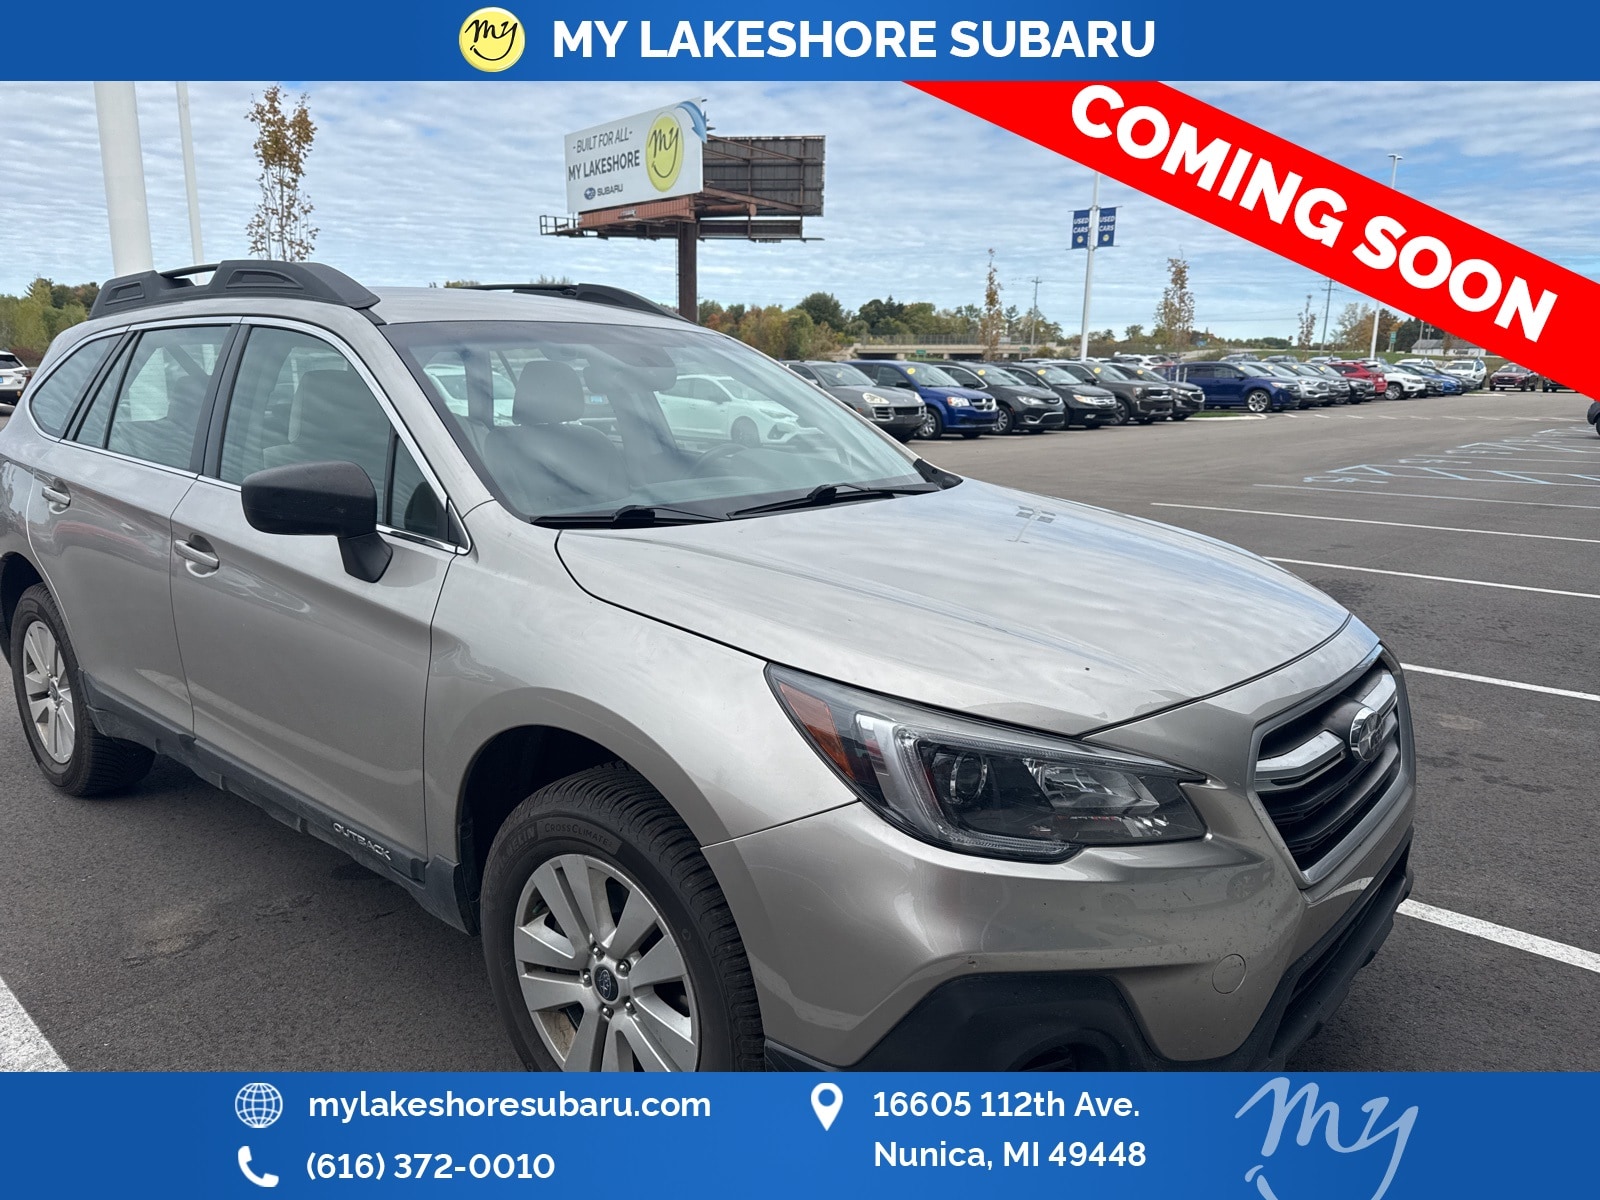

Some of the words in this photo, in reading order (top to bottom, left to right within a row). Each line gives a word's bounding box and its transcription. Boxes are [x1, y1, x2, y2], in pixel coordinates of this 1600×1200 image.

[598, 131, 614, 148] FOR
[568, 162, 582, 182] MY
[583, 150, 640, 178] LAKESHORE
[597, 184, 624, 196] SUBARU
[333, 822, 392, 861] OUTBACK
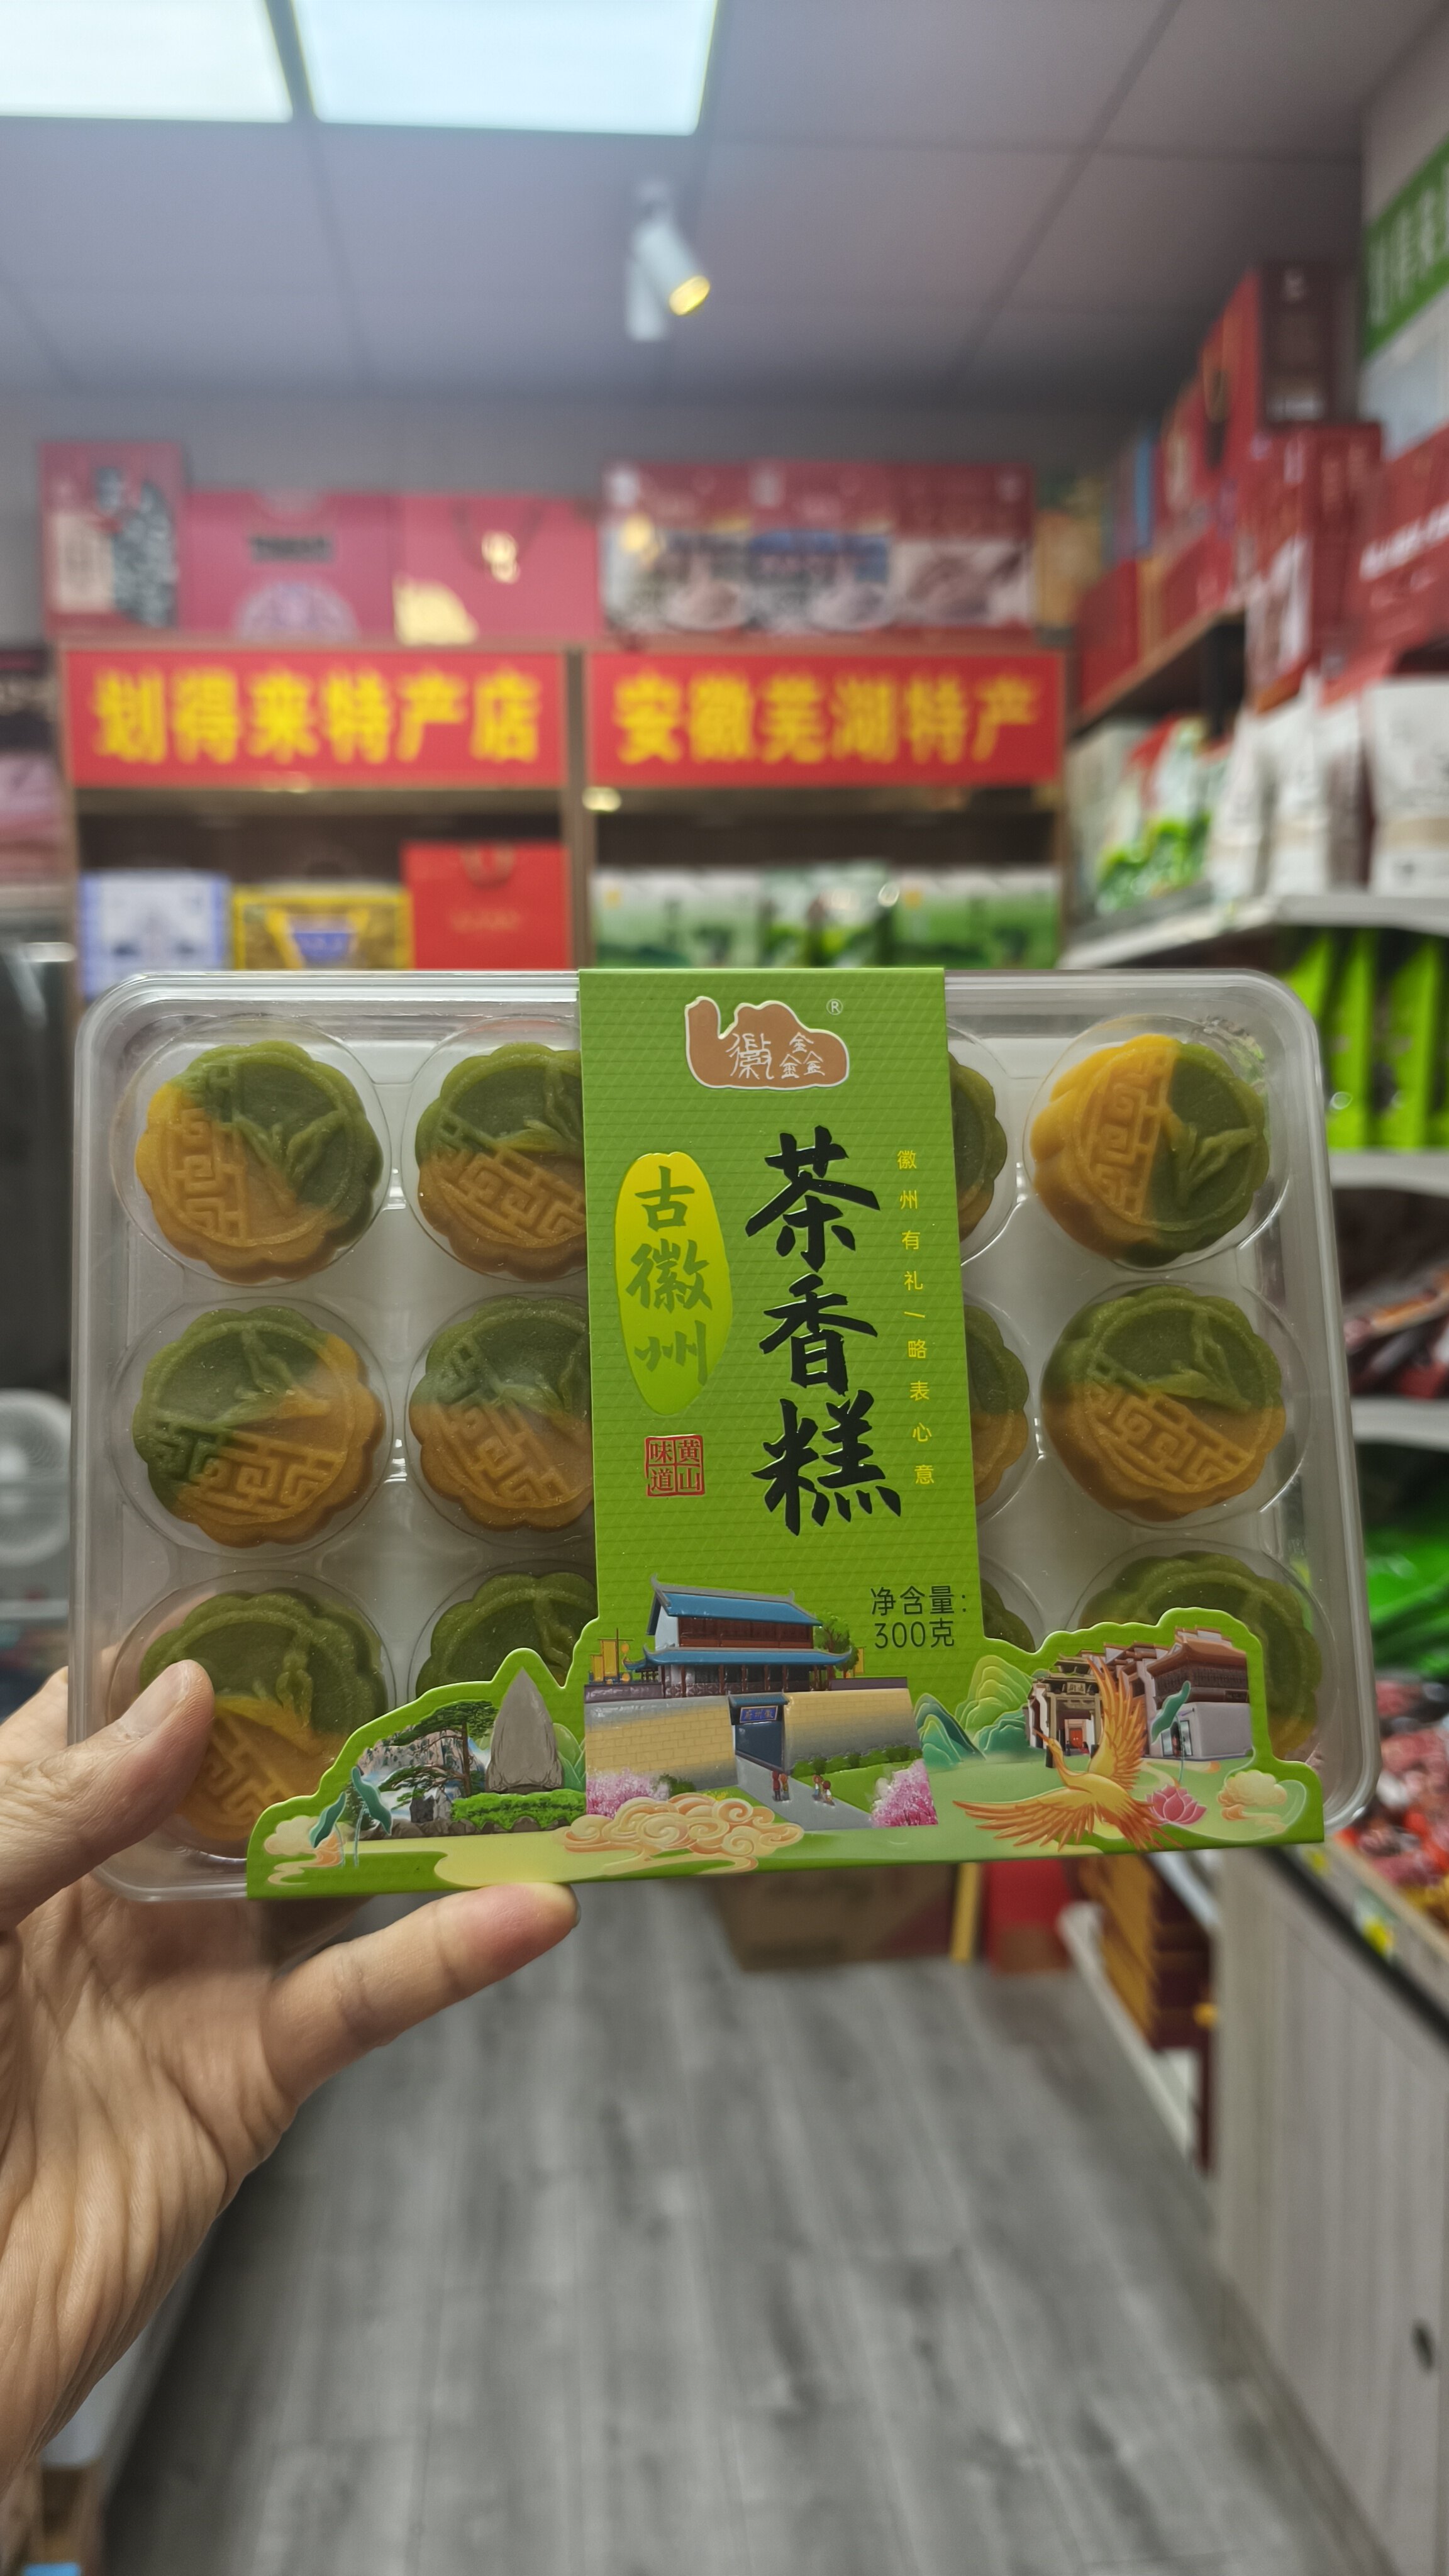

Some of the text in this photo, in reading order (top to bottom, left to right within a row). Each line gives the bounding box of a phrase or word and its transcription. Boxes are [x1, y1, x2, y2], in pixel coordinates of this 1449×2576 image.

■ ■ ■ ■ ■ ■ ■

Work to complete:
Repeat the data exactly. No pictures should appear.

Written solution:
Some of the words in this photo, in reading order (top to bottom, left to right within a row). Each line gives a word's bounding box and its transcription. Boxes are [x1, y1, x2, y2], in pixel coordinates of this 1600×1200 image.

[598, 131, 614, 148] FOR
[568, 162, 582, 182] MY
[583, 150, 640, 178] LAKESHORE
[597, 184, 624, 196] SUBARU
[333, 822, 392, 861] OUTBACK

Some of the text in this photo, in reading order (top to bottom, left to right within a row). Each line gives the bounding box of a phrase or word and its transcription. Boxes are [x1, y1, x2, y2], in pixel coordinates of this 1449×2576 image.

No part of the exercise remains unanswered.